*Work order*
Write out each line of the material exactly as given, and drop the images.

*Data extract*
###
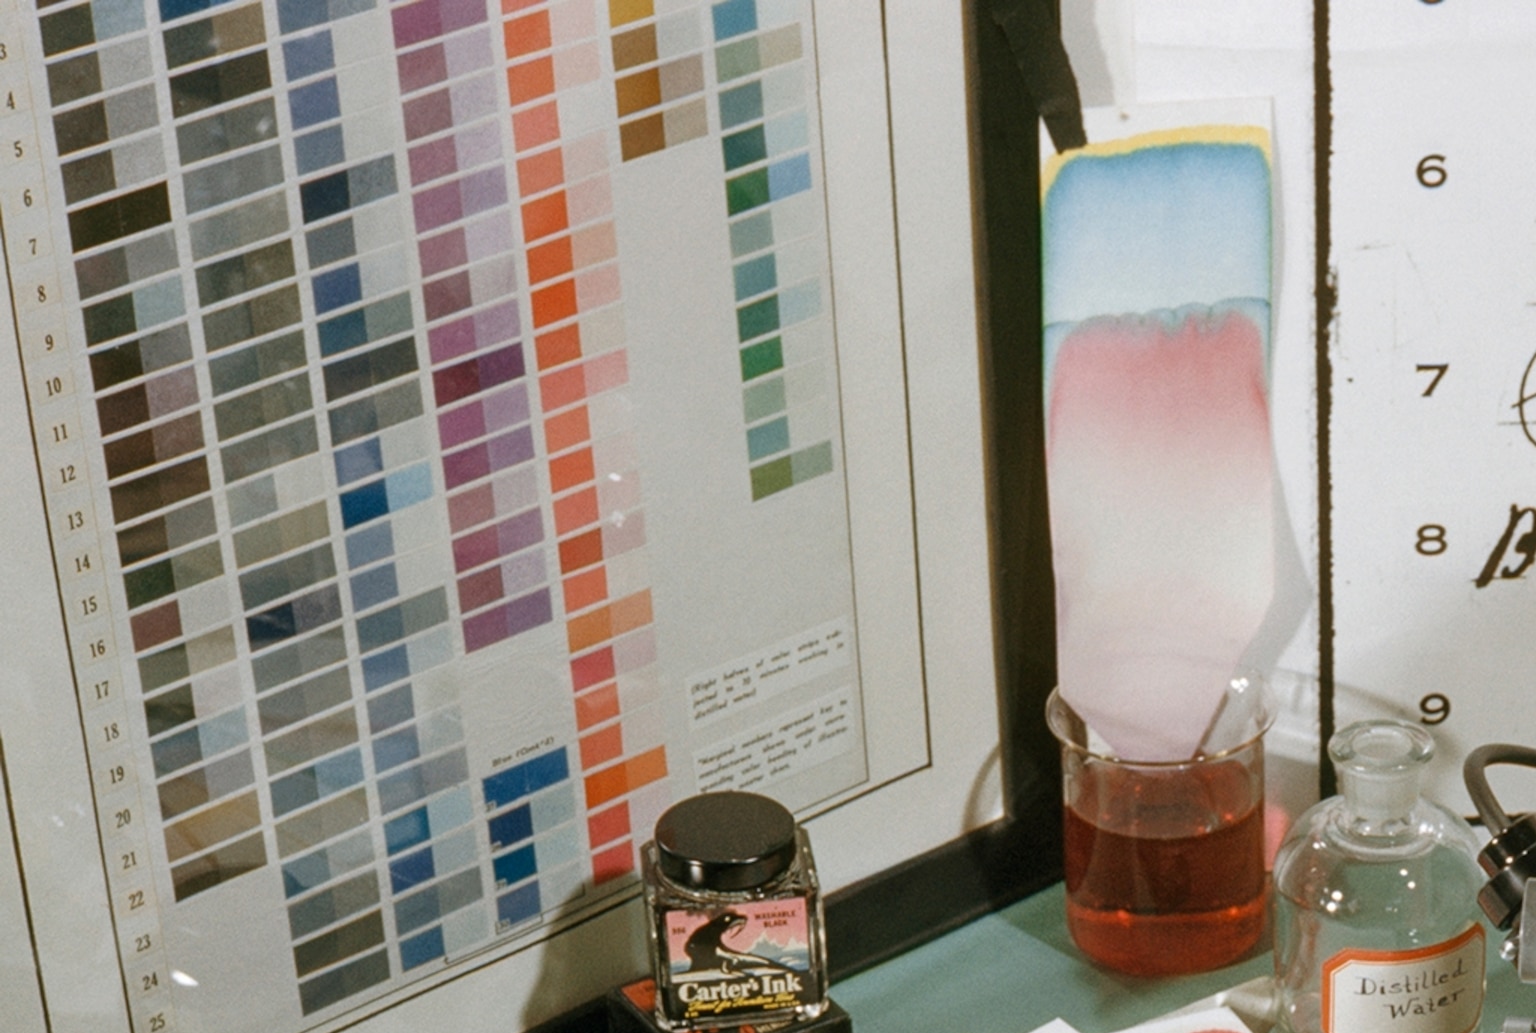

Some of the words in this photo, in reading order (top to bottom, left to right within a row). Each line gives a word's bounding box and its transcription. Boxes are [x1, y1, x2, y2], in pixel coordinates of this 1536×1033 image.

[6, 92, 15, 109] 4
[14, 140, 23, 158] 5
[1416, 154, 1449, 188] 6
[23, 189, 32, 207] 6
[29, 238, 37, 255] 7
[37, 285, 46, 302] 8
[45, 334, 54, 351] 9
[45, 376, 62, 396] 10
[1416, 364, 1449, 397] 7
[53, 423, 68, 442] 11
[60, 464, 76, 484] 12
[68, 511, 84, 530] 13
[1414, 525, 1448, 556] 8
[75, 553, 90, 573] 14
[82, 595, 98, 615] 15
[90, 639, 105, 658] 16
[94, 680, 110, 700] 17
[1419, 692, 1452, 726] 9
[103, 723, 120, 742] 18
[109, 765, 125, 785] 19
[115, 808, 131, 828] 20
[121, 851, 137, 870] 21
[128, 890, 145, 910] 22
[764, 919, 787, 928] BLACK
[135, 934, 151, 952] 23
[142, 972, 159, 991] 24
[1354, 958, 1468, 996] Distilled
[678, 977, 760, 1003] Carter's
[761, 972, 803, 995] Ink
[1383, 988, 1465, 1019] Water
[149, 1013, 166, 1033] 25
###
*Task result*
Some of the words in this photo, in reading order (top to bottom, left to right within a row). Each line gives a word's bounding box and its transcription. Boxes are [x1, y1, x2, y2], in pixel coordinates of this 1536×1033 image.

[6, 92, 15, 109] 4
[14, 140, 23, 158] 5
[1416, 154, 1449, 188] 6
[23, 189, 32, 207] 6
[29, 238, 37, 255] 7
[37, 285, 46, 302] 8
[45, 334, 54, 351] 9
[45, 376, 62, 396] 10
[1416, 364, 1449, 397] 7
[53, 423, 68, 442] 11
[60, 464, 76, 484] 12
[68, 511, 84, 530] 13
[1414, 525, 1448, 556] 8
[75, 553, 90, 573] 14
[82, 595, 98, 615] 15
[90, 639, 105, 658] 16
[94, 680, 110, 700] 17
[1419, 692, 1452, 726] 9
[103, 723, 120, 742] 18
[109, 765, 125, 785] 19
[115, 808, 131, 828] 20
[121, 851, 137, 870] 21
[128, 890, 145, 910] 22
[764, 919, 787, 928] BLACK
[135, 934, 151, 952] 23
[142, 972, 159, 991] 24
[1354, 958, 1468, 996] Distilled
[678, 977, 760, 1003] Carter's
[761, 972, 803, 995] Ink
[1383, 988, 1465, 1019] Water
[149, 1013, 166, 1033] 25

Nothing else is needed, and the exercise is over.